# Please.. i need healing thoughts & prayers for Asha



## hotel4dogs (Sep 29, 2008)

sending many good wishes your way


----------



## kellyguy (Mar 5, 2014)

I hope that your sweet girl is going to be perfectly fine and that your worries are unwarranted. I never know if someone will be offended by the mention of God in this crazy world we live in, so I'll just say the serenity prayer for you and hope for positive results.


----------



## Karen519 (Aug 21, 2006)

*Asha*



Hudson said:


> Asha recently celebrated her 13th birthday and had her annual check up. All good, but mentioned she had been a little fussy with her food, lost a little weight and drinking more, so the vets did test to rule out diabetes etc. A week later I took her back as she is experiencing rapid heart rate… the vet concluded her heart was ok, but thought he felt a lump abdomen. stomach. She had X-rays but in conclusive and is waiting for a specialist to ultra sound her in 2 weeks. Tonight she was really uncomfortable and rapid breathing, rang the after hours vet and spoke to the vet she is now sedated and sleeping as I had some tablets here. So worried about her and hate to see her like this… she is my beautiful baby girl,…. I want to stay with me for ever as we all do. We love them so much… so please send prayers and healing thoughts to my golden princess.Thankyou … Asha, Hudson and Ann


Praying that Asha is o.k.!!


----------



## Doug (Jul 17, 2010)

Sending our very best wishes out to you!!


----------



## rbi99 (Jan 4, 2014)

I hope Asha is doing better today.


----------



## GoldensGirl (Aug 2, 2010)

It's so hard when our seniors face challenges like this. I often wish my dogs could talk and tell me where they hurt, but they are so stoic that I'm not sure they would speak the truth. They don't want us to worry.

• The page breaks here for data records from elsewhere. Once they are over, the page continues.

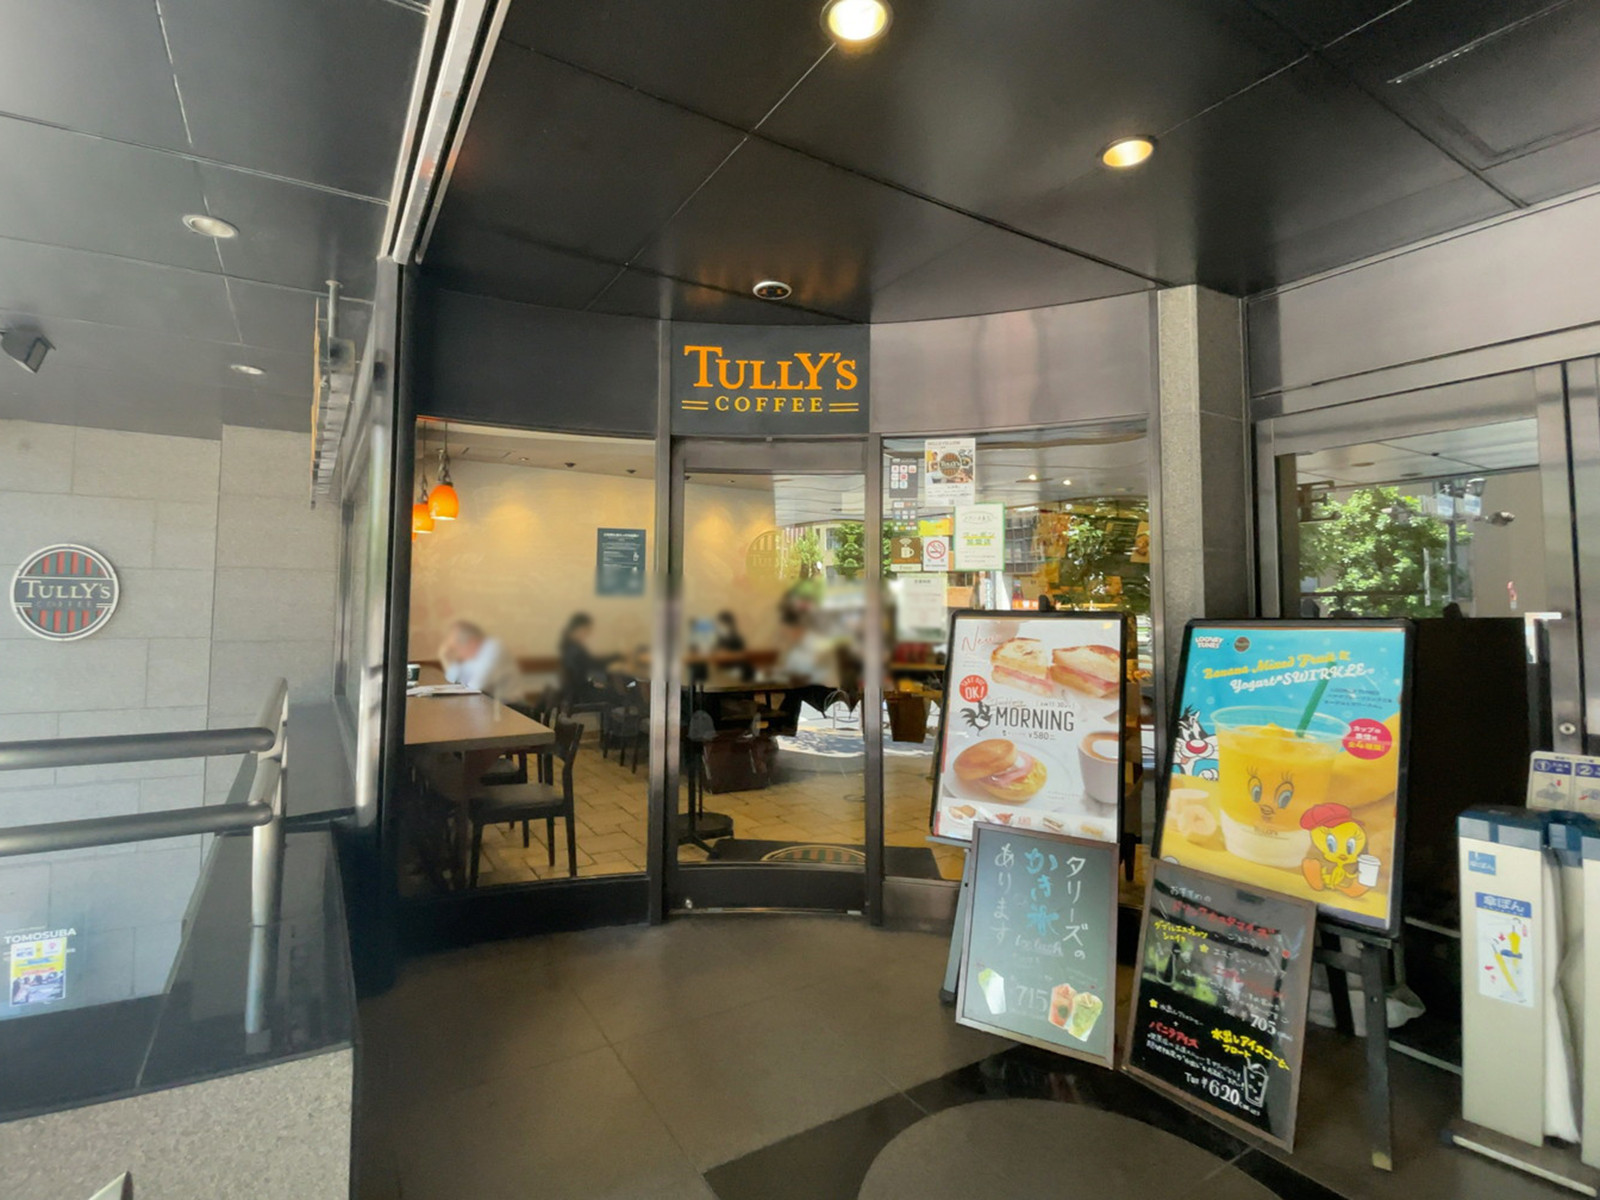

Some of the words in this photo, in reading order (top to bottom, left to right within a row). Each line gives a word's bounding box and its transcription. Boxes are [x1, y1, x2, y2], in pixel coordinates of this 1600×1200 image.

[684, 345, 858, 390] TULLY'S
[715, 396, 823, 412] COFFEE
[21, 580, 111, 599] TULLY'S
[1203, 666, 1249, 679] Banana
[1252, 656, 1295, 673] Mixed
[965, 686, 985, 699] OK!
[995, 706, 1074, 732] MORNING
[992, 843, 1015, 945] あります
[1063, 857, 1088, 960] タリーズの
[3, 927, 77, 944] TOMOSUBA
[1222, 1044, 1252, 1058] フロート

I hope you girl feels better today.


----------



## boomers_dawn (Sep 20, 2009)

I'm so sorry. I also hope Asha is better and wish you peace, it is so hard as they get older reconciling with as you mentioned wishing they could stay with us forever.


----------



## hubbub (Jun 28, 2011)

Sending good thoughts to you both. :crossfing


----------



## Rookie's Dad (Feb 19, 2014)

Sending good thought and prayers your way and hoping for the best.


----------



## JeanieBeth (Jul 13, 2013)

Hudson said:


> Asha recently celebrated her 13th birthday and had her annual check up. All good, but mentioned she had been a little fussy with her food, lost a little weight and drinking more, so the vets did test to rule out diabetes etc. A week later I took her back as she is experiencing rapid heart rate… the vet concluded her heart was ok, but thought he felt a lump abdomen. stomach. She had X-rays but in conclusive and is waiting for a specialist to ultra sound her in 2 weeks. Tonight she was really uncomfortable and rapid breathing, rang the after hours vet and spoke to the vet she is now sedated and sleeping as I had some tablets here. So worried about her and hate to see her like this… she is my beautiful baby girl,…. I want to stay with me for ever as we all do. We love them so much… so please send prayers and healing thoughts to my golden princess.Thankyou … Asha, Hudson and Ann


You've got it! Sending prayers for for you and Asha. It's so hard when our kids can't tell us what hurts. 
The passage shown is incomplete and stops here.